Parliamo di una politica assente sia dai palazzi a livello di grande disegno politico, volto a realizzare il bene integrale di ogni cittadino e sia a livello di base, per la mancanza di partecipazione di interesse da parte dei cittadini, i quali si persuadono sempre più che non possono influire sul buon andamento della cosa pubblica.

Lo scenario che si presenta davanti agli occhi è quello di una fuga dall’impegno sociopolitico da parte di tanta gente, i giovani non credono alla politica corrente, dove prevalgono le baruffe personalistiche e si dimentica il senso vero dell’impegno politico, la passione per la polis, per l’Altro, per la vita della città e della nazione. I giovani, vedono la politica con occhi completamente diversi rispetto ai propri genitori e ai fratelli maggiori. Non usano la lente dell’ideologia e si sono resi conto che le logiche clientelari hanno sempre meno potere di indirizzare positivamente le loro vite.

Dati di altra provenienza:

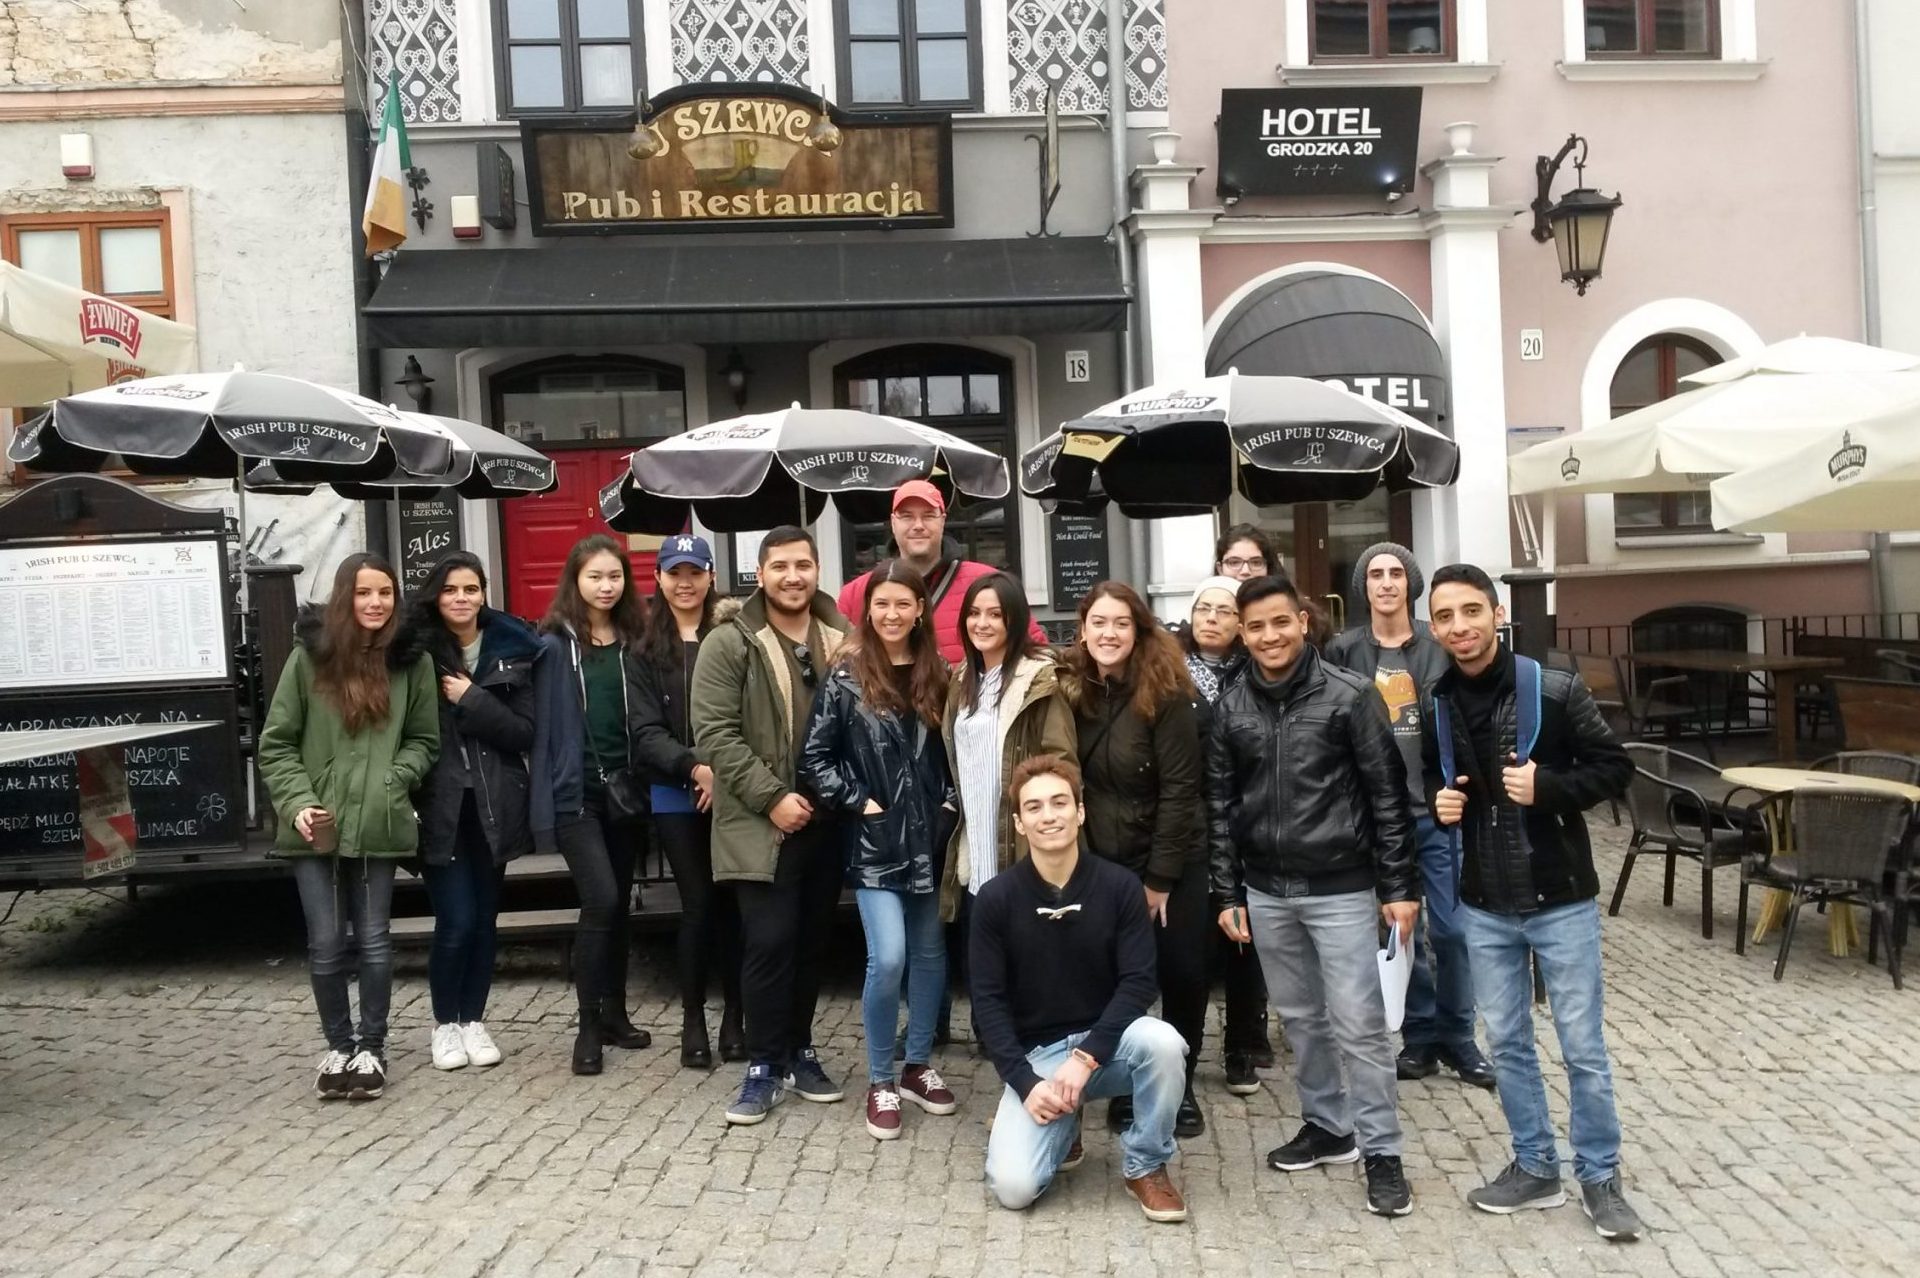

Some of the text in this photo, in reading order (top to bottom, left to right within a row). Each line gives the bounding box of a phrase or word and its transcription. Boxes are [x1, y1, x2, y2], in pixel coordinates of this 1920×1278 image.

Sono dunque più sensibili e ricettivi rispetto a messaggi politici che sappiano veicolare progetti concreti, che parlino di lavoro, di formazione e di ambiente e che li mettano in condizione di affrontare con consapevole speranza le sfide che una società in rapido mutamento pone loro.

Le giovani generazioni sono molto meglio dell’immagine stereotipata che ne abbiamo. E sapranno riavvicinarsi alla politica quando quest’ultima saprà offrire loro proposte concrete, uomini con la faccia pulita che mettano la propria esperienza al servizio dell’Altro con progetti chiari e realizzabili, capaci di promuovere prospettive di vita oneste e dignitose.

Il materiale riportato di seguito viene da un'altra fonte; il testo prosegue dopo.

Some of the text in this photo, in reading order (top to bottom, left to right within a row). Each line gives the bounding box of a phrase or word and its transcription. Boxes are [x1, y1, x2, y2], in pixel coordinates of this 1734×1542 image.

Chiediamo a questo punto a tutti i rappresentanti  della politica italiana, quali esempi di moralità e di legalità possono essere proposti, se avviene, molto spesso, che, ad esempio, personaggi politici, condannati in primo grado per corruzione, per favoreggiamento alla mafia e illegalità varie, festeggiano, con arroganza, le sentenze come se avessero ricevuto un gran premio, e non solo non abbandonano l’attività politica, ma dopo aver lasciato un prestigioso incarico (per dimissioni quasi forzate per le pressioni di molta parte dell’opinione pubblica), ne ricevono un altro, magari più prestigioso.

Abbiamo bisogno di tutti voi ragazzi, per promuovere laboratori e osservatori sparsi in modo capillare sul territorio in cui si possa attuare un attento discernimento sulla vita sociale, incidendo così sulla prassi politica e operando in favore del bene comune. Per bene comune non si può intendere qualcosa di astratto, quanto piuttosto qualcosa di concretizzato di volta in volta nelle diverse mutevoli circostanze socioculturali, economiche e politiche, e che guarda alle future generazioni in un’ottica di solidarietà e comunione di progetti.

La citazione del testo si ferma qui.